Segment Start: STORED DATA
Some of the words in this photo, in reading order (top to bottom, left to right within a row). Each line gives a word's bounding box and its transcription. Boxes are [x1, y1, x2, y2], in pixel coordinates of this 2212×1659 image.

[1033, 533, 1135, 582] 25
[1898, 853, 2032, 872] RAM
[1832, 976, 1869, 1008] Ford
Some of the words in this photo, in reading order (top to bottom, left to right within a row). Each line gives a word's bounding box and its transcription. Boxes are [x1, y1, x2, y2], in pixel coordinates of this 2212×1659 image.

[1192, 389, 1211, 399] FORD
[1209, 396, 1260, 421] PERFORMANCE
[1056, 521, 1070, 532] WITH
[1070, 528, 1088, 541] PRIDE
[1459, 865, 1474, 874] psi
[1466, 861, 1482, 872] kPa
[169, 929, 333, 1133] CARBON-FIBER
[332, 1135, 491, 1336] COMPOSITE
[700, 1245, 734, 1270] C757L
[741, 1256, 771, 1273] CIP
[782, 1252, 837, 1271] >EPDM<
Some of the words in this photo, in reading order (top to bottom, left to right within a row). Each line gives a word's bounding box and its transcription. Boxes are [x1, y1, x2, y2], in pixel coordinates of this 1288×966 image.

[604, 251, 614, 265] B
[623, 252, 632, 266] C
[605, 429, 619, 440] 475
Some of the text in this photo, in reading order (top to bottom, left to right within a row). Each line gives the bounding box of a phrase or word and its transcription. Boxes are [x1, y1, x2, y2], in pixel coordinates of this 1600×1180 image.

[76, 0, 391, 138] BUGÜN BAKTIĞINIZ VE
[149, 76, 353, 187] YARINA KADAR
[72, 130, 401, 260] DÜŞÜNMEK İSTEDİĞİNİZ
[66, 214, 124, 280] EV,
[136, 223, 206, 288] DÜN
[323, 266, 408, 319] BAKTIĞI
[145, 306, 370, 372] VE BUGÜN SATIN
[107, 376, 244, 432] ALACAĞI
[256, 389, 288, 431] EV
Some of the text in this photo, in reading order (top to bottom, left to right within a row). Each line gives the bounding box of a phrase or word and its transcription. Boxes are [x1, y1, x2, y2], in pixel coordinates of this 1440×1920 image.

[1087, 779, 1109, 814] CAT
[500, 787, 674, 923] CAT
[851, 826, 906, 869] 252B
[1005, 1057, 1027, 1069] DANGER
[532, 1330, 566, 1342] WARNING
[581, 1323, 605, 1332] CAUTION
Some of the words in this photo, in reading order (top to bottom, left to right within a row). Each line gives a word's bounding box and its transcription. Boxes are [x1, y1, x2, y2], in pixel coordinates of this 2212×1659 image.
Segment End: STORED DATA
- _TASK OBJECTIVE_
Word for word, transcribe the data shown above.

- _FINAL ANSWER_
Some of the words in this photo, in reading order (top to bottom, left to right within a row). Each line gives a word's bounding box and its transcription. Boxes are [x1, y1, x2, y2], in pixel coordinates of this 2212×1659 image.

[1033, 533, 1135, 582] 25
[1898, 853, 2032, 872] RAM
[1832, 976, 1869, 1008] Ford
Some of the words in this photo, in reading order (top to bottom, left to right within a row). Each line gives a word's bounding box and its transcription. Boxes are [x1, y1, x2, y2], in pixel coordinates of this 2212×1659 image.

[1192, 389, 1211, 399] FORD
[1209, 396, 1260, 421] PERFORMANCE
[1056, 521, 1070, 532] WITH
[1070, 528, 1088, 541] PRIDE
[1459, 865, 1474, 874] psi
[1466, 861, 1482, 872] kPa
[169, 929, 333, 1133] CARBON-FIBER
[332, 1135, 491, 1336] COMPOSITE
[700, 1245, 734, 1270] C757L
[741, 1256, 771, 1273] CIP
[782, 1252, 837, 1271] >EPDM<
Some of the words in this photo, in reading order (top to bottom, left to right within a row). Each line gives a word's bounding box and its transcription. Boxes are [x1, y1, x2, y2], in pixel coordinates of this 1288×966 image.

[604, 251, 614, 265] B
[623, 252, 632, 266] C
[605, 429, 619, 440] 475
Some of the text in this photo, in reading order (top to bottom, left to right within a row). Each line gives the bounding box of a phrase or word and its transcription. Boxes are [x1, y1, x2, y2], in pixel coordinates of this 1600×1180 image.

[76, 0, 391, 138] BUGÜN BAKTIĞINIZ VE
[149, 76, 353, 187] YARINA KADAR
[72, 130, 401, 260] DÜŞÜNMEK İSTEDİĞİNİZ
[66, 214, 124, 280] EV,
[136, 223, 206, 288] DÜN
[323, 266, 408, 319] BAKTIĞI
[145, 306, 370, 372] VE BUGÜN SATIN
[107, 376, 244, 432] ALACAĞI
[256, 389, 288, 431] EV
Some of the text in this photo, in reading order (top to bottom, left to right within a row). Each line gives the bounding box of a phrase or word and its transcription. Boxes are [x1, y1, x2, y2], in pixel coordinates of this 1440×1920 image.

[1087, 779, 1109, 814] CAT
[500, 787, 674, 923] CAT
[851, 826, 906, 869] 252B
[1005, 1057, 1027, 1069] DANGER
[532, 1330, 566, 1342] WARNING
[581, 1323, 605, 1332] CAUTION
Some of the words in this photo, in reading order (top to bottom, left to right within a row). Each line gives a word's bounding box and its transcription. Boxes are [x1, y1, x2, y2], in pixel coordinates of this 2212×1659 image.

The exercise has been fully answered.